After we are all checked in, we are lead to the refugio where we will spend the night. It is a stone building and the last house at the end of the street, connected to the house beside it.. All the houses on both sides of the street are like this, centuries old townhouses. We go through a massive wooden door and into an entryway that has a set of stairs on the right, a wide set of stone steps leading down to a lower level in front of us, and a door to the left that leads to a large sitting room where there is a huge wooden table taking up most of the space. We go through this room's French doors and into a narrow hallway that connects to another hallway in a L shape. The room we are sleeping is right at the point where the two lines in the L meet. This room is large with a high ceiling and has a tall window set in the wall directly across from the door. To the left are four sets of bunkbeds. We each pick out a bed and then introduce ourselves. There is T from Mexico, B from German, P from Belgium, and a couple from France. Except for the couple from France we all speak English. T has lived in Denver, which makes her seem like someone from home.

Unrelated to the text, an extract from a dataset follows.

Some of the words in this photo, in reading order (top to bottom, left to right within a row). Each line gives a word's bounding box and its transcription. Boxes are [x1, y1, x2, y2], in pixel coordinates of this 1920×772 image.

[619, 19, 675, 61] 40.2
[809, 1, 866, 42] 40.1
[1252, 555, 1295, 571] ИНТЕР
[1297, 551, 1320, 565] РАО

B asks me if I have a sleeping bag. Everyone else has a large backpack with the sleeping bag tied to the outside. They are carrying the kind of pack I used when I did wilderness backpacking and planned on being gone for a week. To show B my sleeping bag I have to pull everything out of my pack, the sleeping bag is at the bottom. I pull out a pair of pants, a long-sleeved shirt, a light fleece pullover, a hat, two pairs of undies, two sports bras, two pairs of socks, a swimmer's towel, a plastic bag with toilet articles, a rain poncho, my ultra light sleeping bag, and my ultra light sleep mat. I also have a pair of sunglasses, a pair of flip flops, a tin whistle, a throwaway camera, a school notebook with half the pages torn out, a pen, a small flashlight, a water bottle, a few little packs of high energy goop, my guidebook, a Spanish phrase book, my passport, a credit card, a ATM card, and some money. B is worried that the sleeping bag won't be warm enough but I think it will be fine. Keeping the weight down was very important to me, and I even plan to tear pages out of my guidebook as I go alone. I know the pack is going to feel heavier the longer I carry it.

In the few hours we have before the door to the refugio is closed for the night we go out to buy food for the walk over the Pyrenees tomorrow, and to eat dinner. Later, as I lay in my bunk, comfortable in my sleeping bag, I think about how far away from home I am and wonder why I am here intending to walk 500 miles across Spain.